La Terreur est, bien sûr, la manifestation la plus extrême du Mal Radical.
Elle représente la subordination totale du droit et du devoir à des maximes égoïstes ou tyranniques déguisées en vertu. Au lieu de laisser l'Impératif catégorique guider la législation, les acteurs de la Terreur ont agi sous l'empire de la passion, de la peur ou de l'intérêt personnel (au motif de sauver la Révolution à tout prix), justifiant l'usage de la violence.
C'est l'illustration historique du fait que l'homme, même lorsqu'il vise un bien suprême (la liberté politique), reste un être dont la volonté est fondamentalement pervertie (le Mal radical) et capable d'inverser l'ordre des maximes.
Mais, en-deçà de la Terreur, ce qui lui correspond est le manque de civisme et la corruption : les dérives quotidiennes. Le Mal radical explique aussi l'échec de la régénération à un niveau plus ordinaire et persistant. Il empêche l'instauration durable de la République (au sens kantien d'État de Droit) en minant l'engagement des citoyens.
La tendance à subordonner la loi morale (ne pas voler, ne pas abuser de son pouvoir, etc.) au mobile sensible de l'enrichissement personnel (ou autres bénéfices personnels), se traduit en défaut d'effectivité de la justice et de l'État de Droit.
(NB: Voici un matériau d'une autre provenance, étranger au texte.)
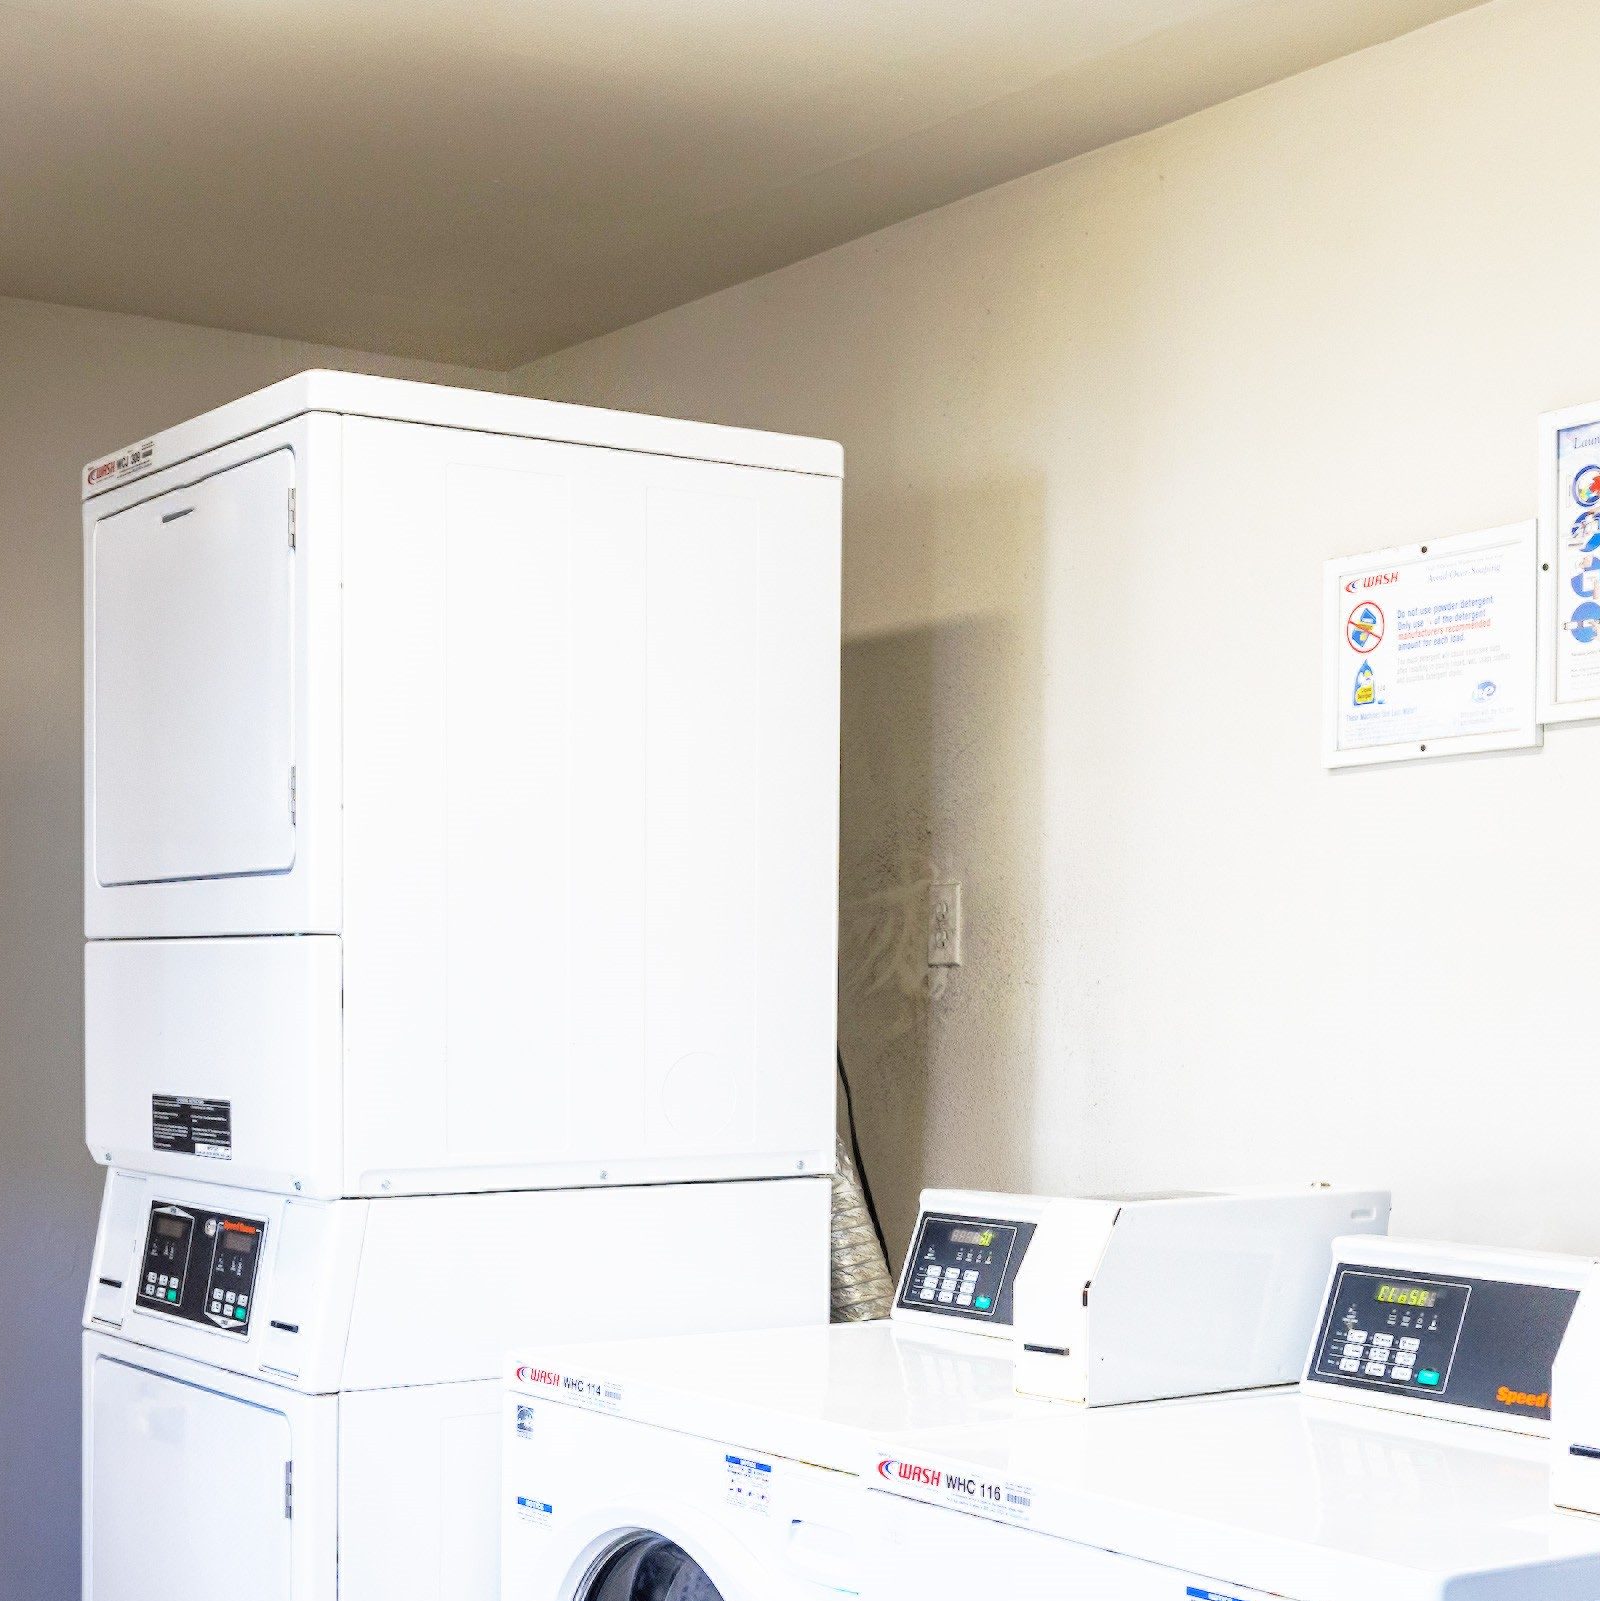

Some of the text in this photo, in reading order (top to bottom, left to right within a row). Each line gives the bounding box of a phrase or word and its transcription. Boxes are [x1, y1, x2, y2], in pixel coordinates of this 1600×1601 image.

[1363, 570, 1401, 589] WASH
[1428, 572, 1447, 583] Avoid
[1397, 594, 1494, 619] Do not use powder detergent
[1397, 620, 1411, 633] Only
[1413, 620, 1424, 629] use
[1434, 615, 1440, 625] of
[1442, 614, 1452, 623] the
[1455, 608, 1485, 624] detergent
[1398, 618, 1491, 642] manufacturers recommended
[1398, 640, 1421, 652] amount
[1422, 638, 1431, 648] for
[1433, 635, 1448, 646] each
[530, 1368, 560, 1386] WASH
[564, 1376, 584, 1392] WHC
[587, 1382, 601, 1396] 114
[1496, 1385, 1548, 1408] Speed
[898, 1462, 942, 1487] WASH
[946, 1473, 976, 1494] WHC
[980, 1484, 1001, 1501] 116
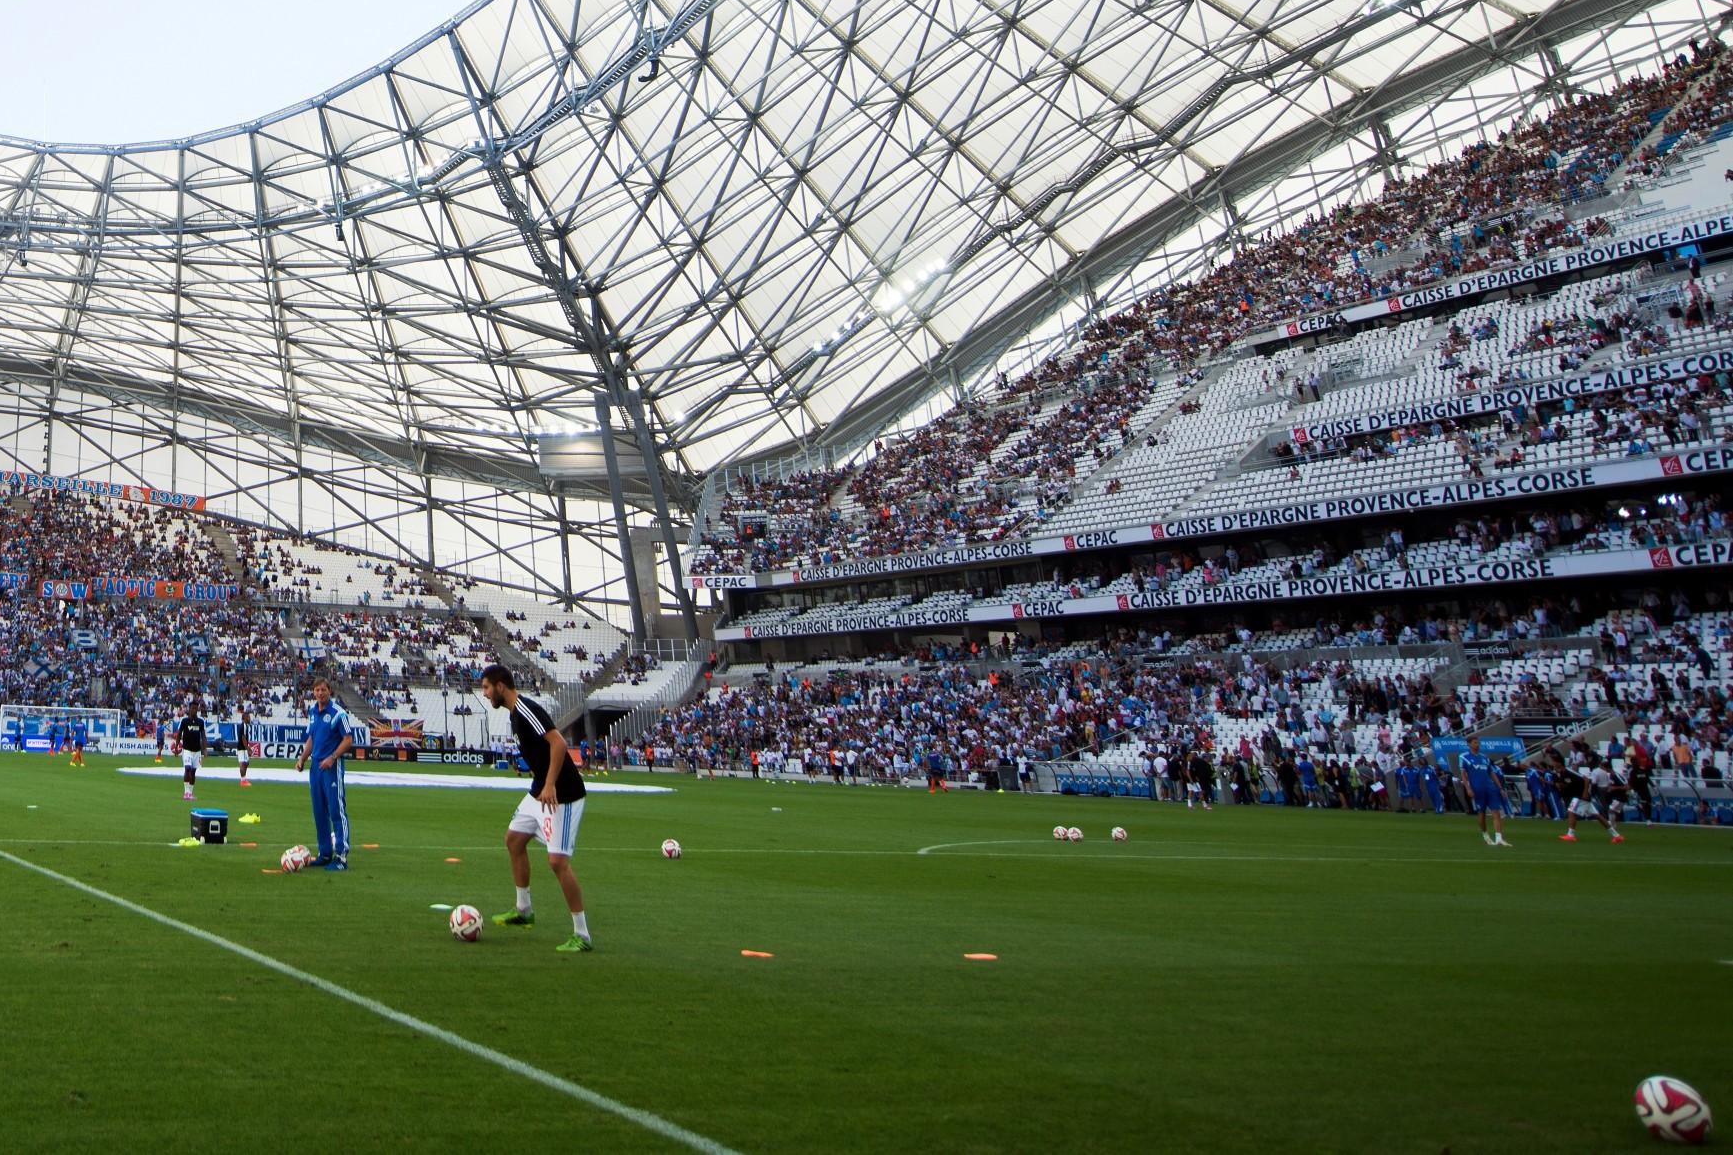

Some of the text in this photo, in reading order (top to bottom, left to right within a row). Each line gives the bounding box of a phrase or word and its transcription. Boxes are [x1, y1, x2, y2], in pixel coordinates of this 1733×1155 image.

[1299, 215, 1733, 332] CEPAC CAISSE D'EPARGNE PROVENCE-ALPE
[1308, 418, 1363, 439] CAISSE
[1368, 395, 1475, 430] D'EPARGNE
[149, 489, 198, 509] 1987
[1076, 467, 1595, 548] CEPAC CAISSE D'EPARGNE PROVENCE-ALPES-CORSE
[705, 542, 1033, 588] CEPAC CAISSE D'EPARGNE PROVENCE-ALPES-CORSE
[92, 577, 240, 601] KAOTIC GROUP
[1024, 558, 1554, 617] CEPAC CAISSE D'EPARGNE PROVENCE-ALPES-CORSE
[752, 609, 970, 638] CAISSE D'EPARGNE PROVENCE-ALPES-CORSE
[1479, 646, 1509, 655] adidas
[234, 724, 279, 742] LBERTE
[284, 728, 303, 742] pour
[443, 752, 484, 764] adidas
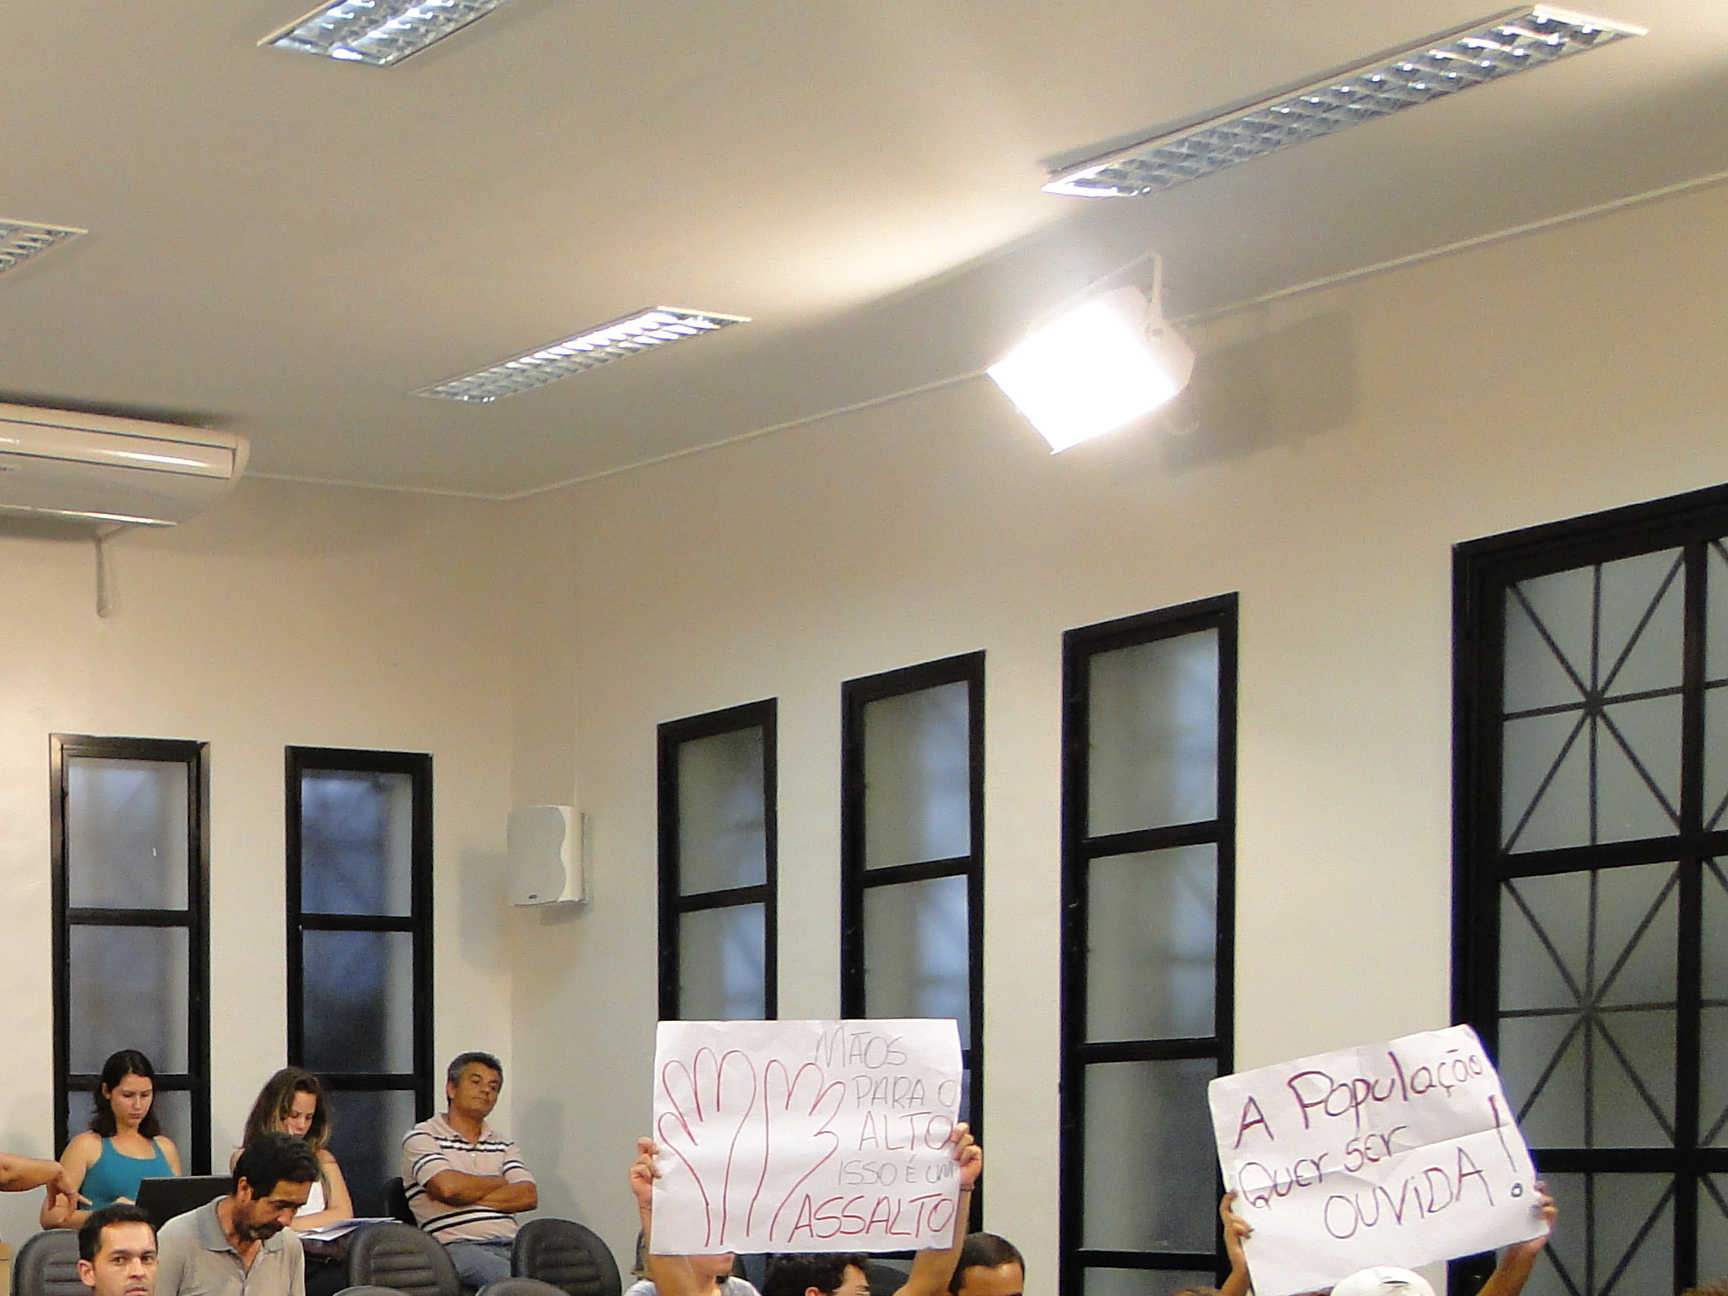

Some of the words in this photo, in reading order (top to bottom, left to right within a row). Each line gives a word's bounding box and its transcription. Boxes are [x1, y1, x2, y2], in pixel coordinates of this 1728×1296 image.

[813, 1025, 908, 1069] MÃOS
[852, 1074, 926, 1110] PARA
[937, 1078, 958, 1109] O
[858, 1110, 955, 1152] ALTO
[1233, 1095, 1275, 1151] A
[837, 1159, 898, 1187] ISSO
[905, 1155, 918, 1185] É
[925, 1160, 955, 1183] UM
[787, 1192, 955, 1244] ASSALTO
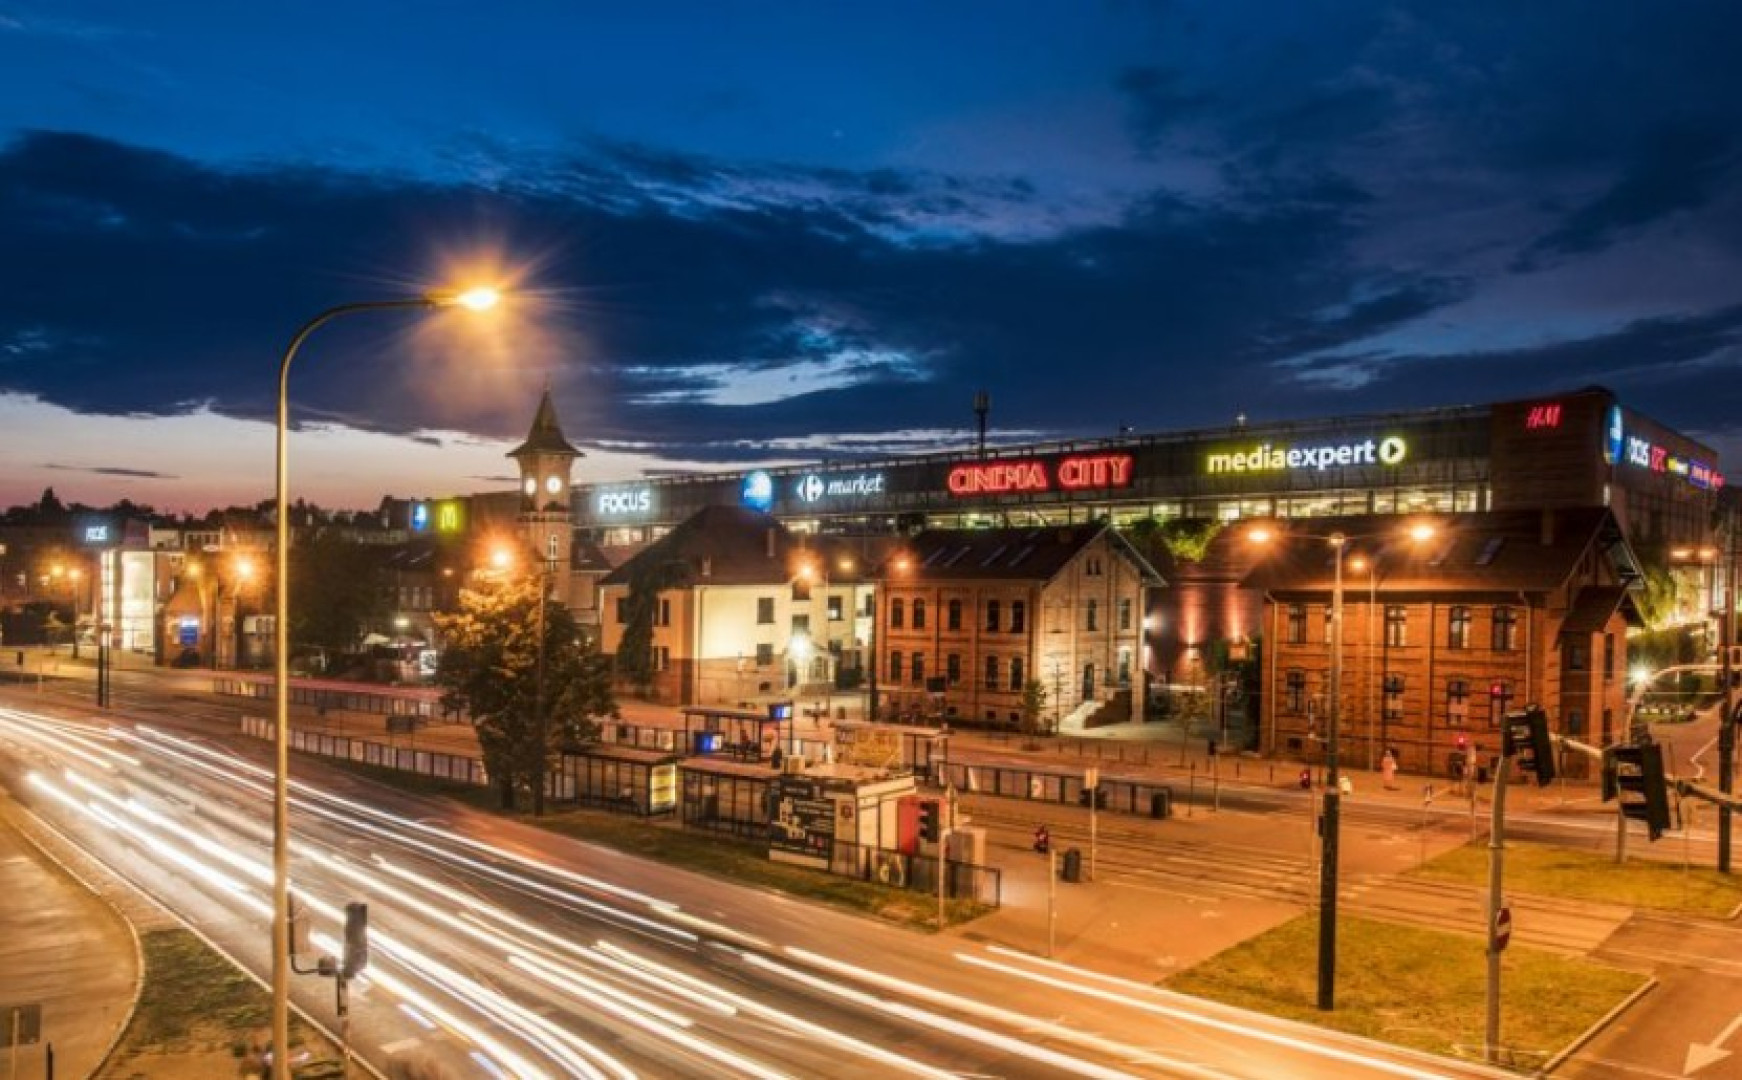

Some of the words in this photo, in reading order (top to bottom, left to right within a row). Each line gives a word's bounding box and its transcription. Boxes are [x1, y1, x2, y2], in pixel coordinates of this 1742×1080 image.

L'intérêt privé prime sur le bien commun. Exercer pleinement ses devoirs de citoyen demande un effort. Le défaut de la vertu nécessaire au fonctionnement d'une république la sape. La paresse morale entrave le progrès politique.
Pour Kant, ces dérives (Terreur, corruption, manque de civisme) sont toutes des symptômes d'un défaut de régénération causé par le Mal radical universel ("tous ont péché").
Le Mal radical est l'obstacle intérieur qui fait de la régénération morale la condition sine qua non, mais aussi l'entreprise la plus difficile de l'humanité. Le projet de la Révolution ne peut être effectif que si la régénération politique (l'établissement de lois justes) est accompagnée d'une régénération éthique (la conversion de la disposition de la volonté), chose que le Mal radical rend structurellement incertaine.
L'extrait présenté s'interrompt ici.